Название: The Chinese in Toronto from 1878
Автор: Arlene Chan
Издательство: Ingram
Жанр: История
isbn: 9781459700949
isbn:
In 1903 the head tax was increased once again, this time to $500, an exorbitant amount that immediately curbed the influx of Chinese. In the first half of 1904, no Chinese entered the country, while in the latter half, only a trickle managed the monetary feat.15 Without a doubt, this $500 tax was a financial challenge. A typical farmer of the day in China, who earned seven cents a day, would have to work for 20 years to pay this tax, while a Chinese labourer in Canada would have to work for two years. At the time, $500 was enough to purchase two houses in Vancouver.
Fourteen-year-old John Kuong paid the $500 head tax when he arrived in 1921:
You worked for $5 or $6 for a seven-day week, if you were lucky. But back then you could buy 100 pounds of potatoes for 25 cents. That’s why paying $500 for a head tax was a lot of money.16
After Kuong moved to Toronto from Saskatoon, he worked in a restaurant, and in 1967 he owned a laundromat at Dundas and Keele streets in the Junction.
With some Chinese, such as Kuong, still managing despite the immense head tax, a strongly worded circular was issued by the Victoria Chinese Board of Trade Guild in 1913 and widely distributed in China. Created as a communication to deter Chinese from immigrating to Canada, the flyer, in part, described the hardships and miseries of those already in the country, so that the “people in China” would “give up the idea of coming.”
Why should you, brothers, leave your parents and your wives and children to come over here? Don’t you know that our lot in life here is very much harder than it is in China?

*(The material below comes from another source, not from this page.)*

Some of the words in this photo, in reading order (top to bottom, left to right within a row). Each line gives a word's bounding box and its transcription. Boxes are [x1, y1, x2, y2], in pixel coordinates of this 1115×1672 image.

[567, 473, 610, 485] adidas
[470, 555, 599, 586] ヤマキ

There are now about 20 thousand Chinese in Canada, who are unemployed and without a permanent home. They can get no work to support themselves. They go about begging old clothes and bread to save themselves from cold and starvation.17
The circular further detailed the revenue collected by the Canadian government and showed that over $9 million was collected from 1885 to 1913 (see Table 1).
TABLE 1
Victoria Chinese Board of Trade Guild Circular
Source: Kootenay: An Exploration of Historic Prejudice and Intolerance, www.fortsteele.ca/exhibits/kootenay/ethnic/circular.asp.

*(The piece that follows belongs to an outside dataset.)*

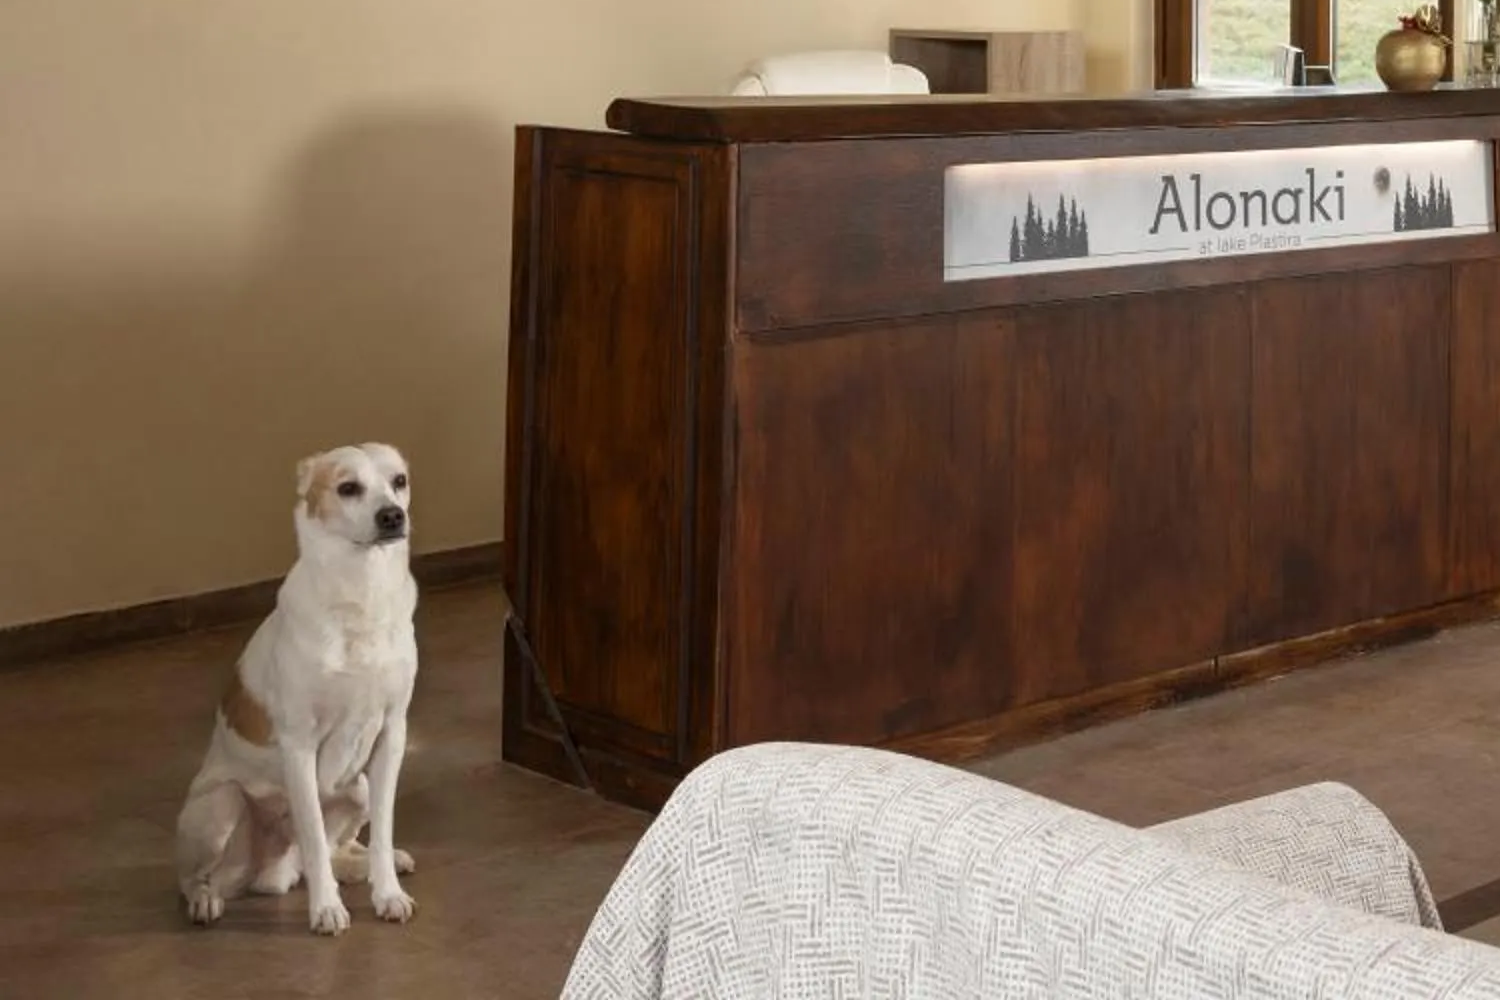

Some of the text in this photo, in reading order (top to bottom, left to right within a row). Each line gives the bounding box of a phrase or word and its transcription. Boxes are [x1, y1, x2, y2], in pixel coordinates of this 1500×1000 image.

Against all odds, the head tax proved ineffectual in deterring the Chinese. From the 1891 to the 1921 censuses, the increases were substantial, ranging from 108 percent to 42 percent (see Table 2). One explanation for the influx was the expanding Canadian economy; labour contractors willingly advanced money to Chinese immigrant labourers to cover the head tax. But the strongest factor was the burning desire to come to Canada, and the Chinese resorted to any means possible. They borrowed money from their families, friends, and fellow villagers, money that they would spend the rest of their lives paying back.
Toronto’s Gim Wong recounted the extremes that his uncle underwent, selling whatever land that could be spared, borrowing money from people in the village, and selling one sister into slavery. According to Wong, “villages did everything they could to send one person over, in hopes he would do what he could to help the village … Even when I was in high school, I remember my parents still fighting every New Year’s about whose village they were going to send $20 back to, my father’s or my mother’s. Our rent at the time was $5 a month, so $20 was a lot of money.”18
TABLE 2.
Chinese Population in Canada, 1881-1921
Source: Census of Canada, Statistics Canada, (1881–1921).
While the head tax was in effect from 1885 to 1923, 82,369 Chinese paid a total of $23 million, reportedly equivalent to the cost of building the British Columbia section of the Canadian Pacific Railway. This would amount to over $1 billion in the current economy.19
Family Life
Most of the Chinese people living in Canada were men without families, men left to live in what was called a bachelor society. Although the Chinese cherished large families, they would never experience the joy of being with their wives and raising their children. Some were single, but most were married men, who came to be known as bachelor husbands. They had wives in China but lived their lives in Canada like bachelors, their family arrangements split between two continents. The men sent money home regularly, where, in many instances, their home villages were supported almost exclusively by these remittances. Only the fortunate few, like merchants, made enough money to bring their families to Canada — the majority endured their hardships alone.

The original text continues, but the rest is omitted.